> **ASSIGNED TASK**: The entries below must be retyped in full. Keep every word the same.

Records drawn from a dataset:
-----

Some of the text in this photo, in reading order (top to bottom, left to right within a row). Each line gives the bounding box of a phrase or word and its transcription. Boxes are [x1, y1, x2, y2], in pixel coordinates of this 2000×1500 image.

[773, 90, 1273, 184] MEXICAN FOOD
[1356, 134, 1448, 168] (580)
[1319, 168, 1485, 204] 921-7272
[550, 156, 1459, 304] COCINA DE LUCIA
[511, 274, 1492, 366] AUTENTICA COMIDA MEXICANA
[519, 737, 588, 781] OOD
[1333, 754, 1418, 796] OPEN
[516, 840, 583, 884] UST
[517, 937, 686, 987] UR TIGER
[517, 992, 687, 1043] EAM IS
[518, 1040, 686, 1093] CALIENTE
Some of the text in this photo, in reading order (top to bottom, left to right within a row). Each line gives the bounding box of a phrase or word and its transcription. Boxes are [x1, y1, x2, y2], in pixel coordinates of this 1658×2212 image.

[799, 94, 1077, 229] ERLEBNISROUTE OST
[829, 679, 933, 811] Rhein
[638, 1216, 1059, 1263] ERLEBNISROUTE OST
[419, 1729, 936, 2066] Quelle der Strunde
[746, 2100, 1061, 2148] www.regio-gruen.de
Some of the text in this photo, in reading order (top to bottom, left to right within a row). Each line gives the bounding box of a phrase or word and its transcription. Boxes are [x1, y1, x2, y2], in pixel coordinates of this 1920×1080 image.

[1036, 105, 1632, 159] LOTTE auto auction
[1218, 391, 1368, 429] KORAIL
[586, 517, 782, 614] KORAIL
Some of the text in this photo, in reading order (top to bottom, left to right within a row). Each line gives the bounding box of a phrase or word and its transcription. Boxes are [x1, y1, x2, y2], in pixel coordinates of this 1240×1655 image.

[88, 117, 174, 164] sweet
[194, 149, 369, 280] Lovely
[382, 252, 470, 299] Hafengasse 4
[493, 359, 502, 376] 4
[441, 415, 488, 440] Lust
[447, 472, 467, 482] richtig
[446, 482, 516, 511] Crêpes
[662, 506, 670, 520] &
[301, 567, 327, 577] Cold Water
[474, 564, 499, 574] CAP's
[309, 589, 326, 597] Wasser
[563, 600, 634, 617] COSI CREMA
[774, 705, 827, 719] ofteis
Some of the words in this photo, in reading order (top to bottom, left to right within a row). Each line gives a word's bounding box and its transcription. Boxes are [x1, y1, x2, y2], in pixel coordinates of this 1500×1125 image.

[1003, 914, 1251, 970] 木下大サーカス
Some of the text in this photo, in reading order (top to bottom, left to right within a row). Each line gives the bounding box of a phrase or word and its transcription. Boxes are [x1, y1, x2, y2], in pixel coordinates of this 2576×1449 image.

-----

> **ANSWER FOR THE TASK**:
Some of the text in this photo, in reading order (top to bottom, left to right within a row). Each line gives the bounding box of a phrase or word and its transcription. Boxes are [x1, y1, x2, y2], in pixel coordinates of this 2000×1500 image.

[773, 90, 1273, 184] MEXICAN FOOD
[1356, 134, 1448, 168] (580)
[1319, 168, 1485, 204] 921-7272
[550, 156, 1459, 304] COCINA DE LUCIA
[511, 274, 1492, 366] AUTENTICA COMIDA MEXICANA
[519, 737, 588, 781] OOD
[1333, 754, 1418, 796] OPEN
[516, 840, 583, 884] UST
[517, 937, 686, 987] UR TIGER
[517, 992, 687, 1043] EAM IS
[518, 1040, 686, 1093] CALIENTE
Some of the text in this photo, in reading order (top to bottom, left to right within a row). Each line gives the bounding box of a phrase or word and its transcription. Boxes are [x1, y1, x2, y2], in pixel coordinates of this 1658×2212 image.

[799, 94, 1077, 229] ERLEBNISROUTE OST
[829, 679, 933, 811] Rhein
[638, 1216, 1059, 1263] ERLEBNISROUTE OST
[419, 1729, 936, 2066] Quelle der Strunde
[746, 2100, 1061, 2148] www.regio-gruen.de
Some of the text in this photo, in reading order (top to bottom, left to right within a row). Each line gives the bounding box of a phrase or word and its transcription. Boxes are [x1, y1, x2, y2], in pixel coordinates of this 1920×1080 image.

[1036, 105, 1632, 159] LOTTE auto auction
[1218, 391, 1368, 429] KORAIL
[586, 517, 782, 614] KORAIL
Some of the text in this photo, in reading order (top to bottom, left to right within a row). Each line gives the bounding box of a phrase or word and its transcription. Boxes are [x1, y1, x2, y2], in pixel coordinates of this 1240×1655 image.

[88, 117, 174, 164] sweet
[194, 149, 369, 280] Lovely
[382, 252, 470, 299] Hafengasse 4
[493, 359, 502, 376] 4
[441, 415, 488, 440] Lust
[447, 472, 467, 482] richtig
[446, 482, 516, 511] Crêpes
[662, 506, 670, 520] &
[301, 567, 327, 577] Cold Water
[474, 564, 499, 574] CAP's
[309, 589, 326, 597] Wasser
[563, 600, 634, 617] COSI CREMA
[774, 705, 827, 719] ofteis
Some of the words in this photo, in reading order (top to bottom, left to right within a row). Each line gives a word's bounding box and its transcription. Boxes are [x1, y1, x2, y2], in pixel coordinates of this 1500×1125 image.

[1003, 914, 1251, 970] 木下大サーカス
Some of the text in this photo, in reading order (top to bottom, left to right within a row). Each line gives the bounding box of a phrase or word and its transcription. Boxes are [x1, y1, x2, y2], in pixel coordinates of this 2576×1449 image.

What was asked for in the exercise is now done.